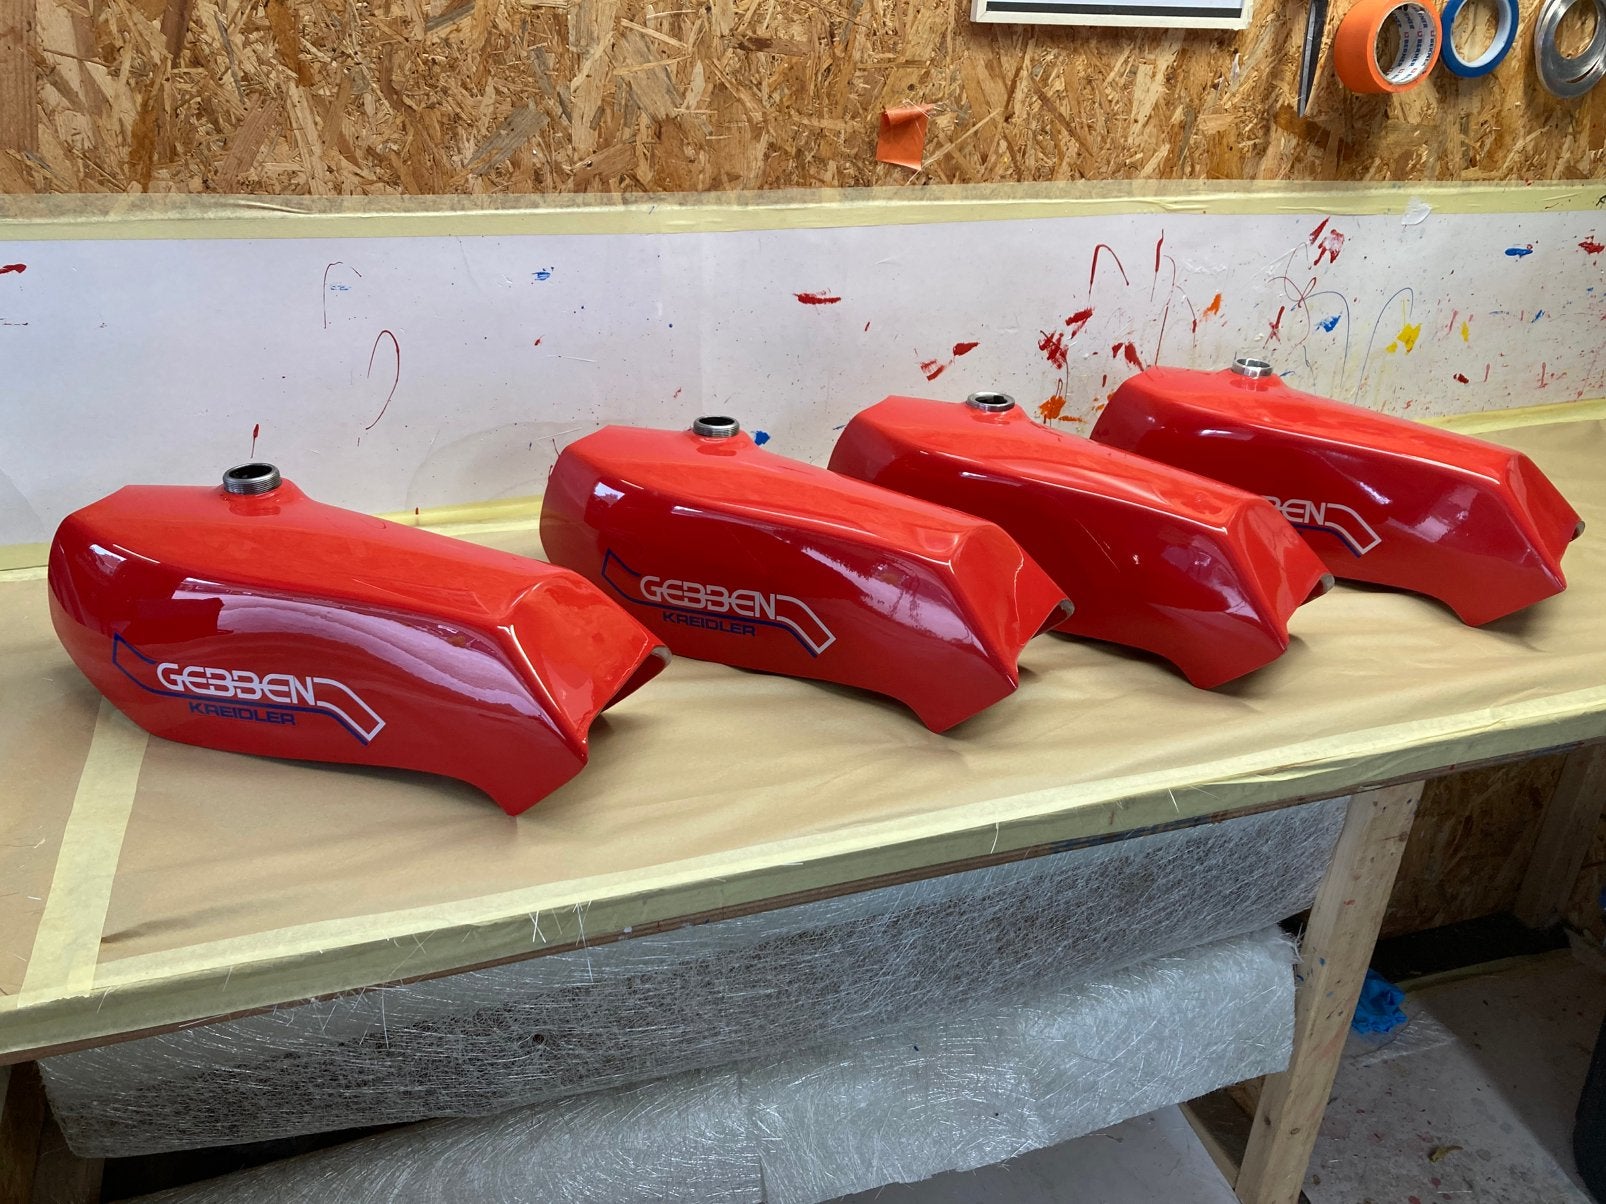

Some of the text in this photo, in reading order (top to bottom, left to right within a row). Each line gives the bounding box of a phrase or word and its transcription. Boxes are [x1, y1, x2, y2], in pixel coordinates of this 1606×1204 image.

[1410, 39, 1422, 67] BERNER
[640, 575, 776, 620] GEBBEN
[662, 611, 756, 637] KREIDLER
[157, 662, 315, 705] GEBBEN
[189, 701, 296, 725] KREIDLER
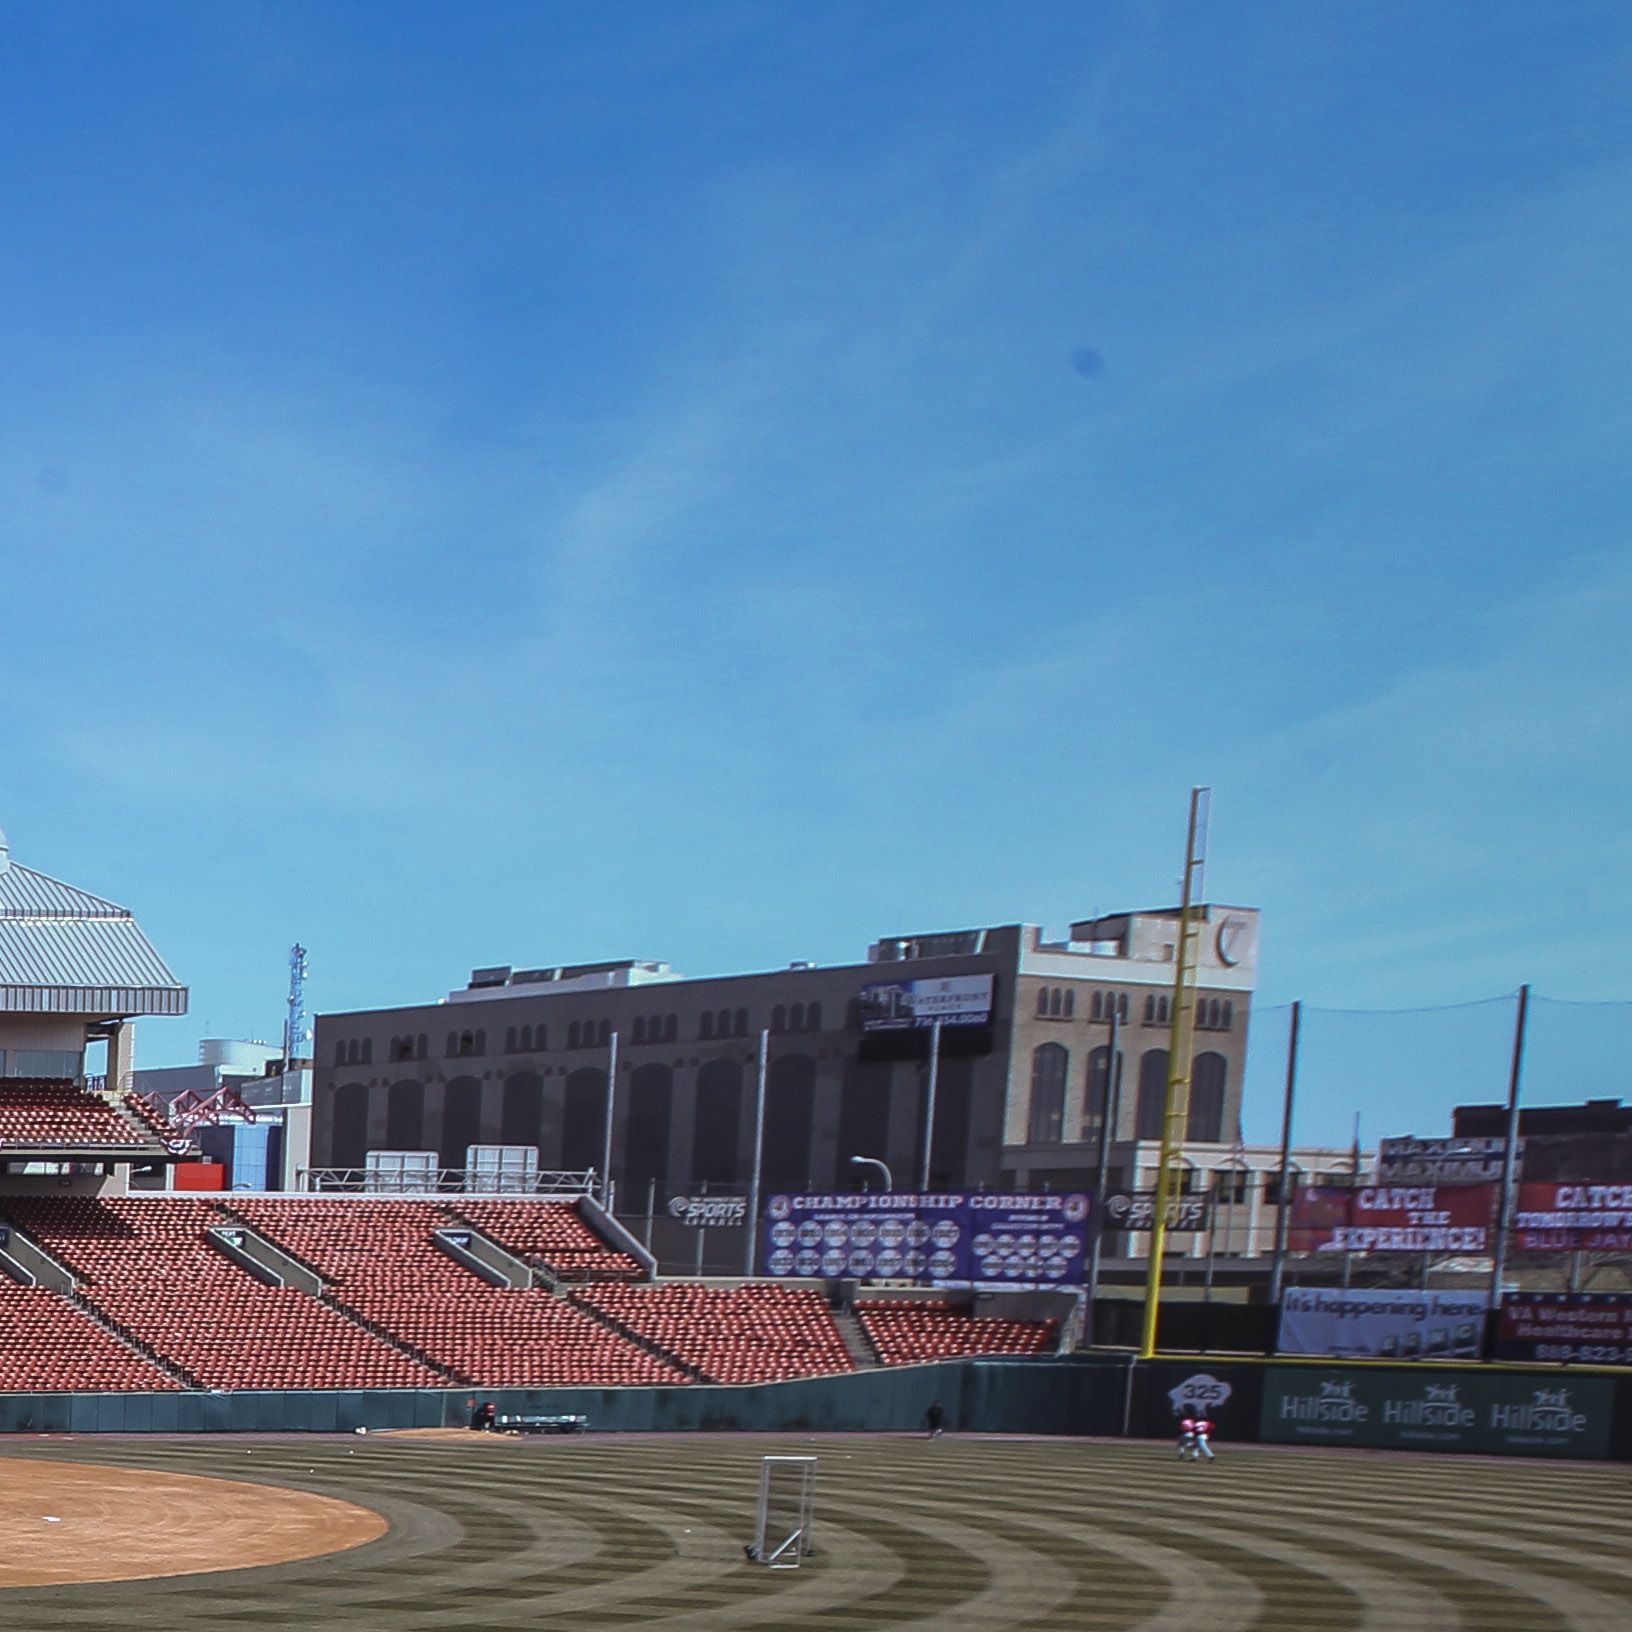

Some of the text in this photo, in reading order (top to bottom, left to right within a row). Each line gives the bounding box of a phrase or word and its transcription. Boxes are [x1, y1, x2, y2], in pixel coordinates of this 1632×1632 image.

[792, 1196, 1063, 1210] CHAMPIONSHIP CORNER
[1357, 1187, 1435, 1210] CATCH
[687, 1203, 747, 1218] SPORTS
[1408, 1211, 1451, 1225] THE
[1335, 1227, 1486, 1250] EXPERIENCE!
[1314, 1294, 1428, 1322] happening
[1184, 1384, 1220, 1400] 325
[1280, 1395, 1369, 1422] Hillside
[1383, 1400, 1475, 1428] Hillside
[1490, 1404, 1588, 1432] Hillside

+-------+

** What is required **
Give all of the material again, exactly, apart from the pictures.

** Result **
Some of the text in this photo, in reading order (top to bottom, left to right within a row). Each line gives the bounding box of a phrase or word and its transcription. Boxes are [x1, y1, x2, y2], in pixel coordinates of this 1606×1204 image.

[1410, 39, 1422, 67] BERNER
[640, 575, 776, 620] GEBBEN
[662, 611, 756, 637] KREIDLER
[157, 662, 315, 705] GEBBEN
[189, 701, 296, 725] KREIDLER

Some of the text in this photo, in reading order (top to bottom, left to right within a row). Each line gives the bounding box of a phrase or word and its transcription. Boxes are [x1, y1, x2, y2], in pixel coordinates of this 1632×1632 image.

[792, 1196, 1063, 1210] CHAMPIONSHIP CORNER
[1357, 1187, 1435, 1210] CATCH
[687, 1203, 747, 1218] SPORTS
[1408, 1211, 1451, 1225] THE
[1335, 1227, 1486, 1250] EXPERIENCE!
[1314, 1294, 1428, 1322] happening
[1184, 1384, 1220, 1400] 325
[1280, 1395, 1369, 1422] Hillside
[1383, 1400, 1475, 1428] Hillside
[1490, 1404, 1588, 1432] Hillside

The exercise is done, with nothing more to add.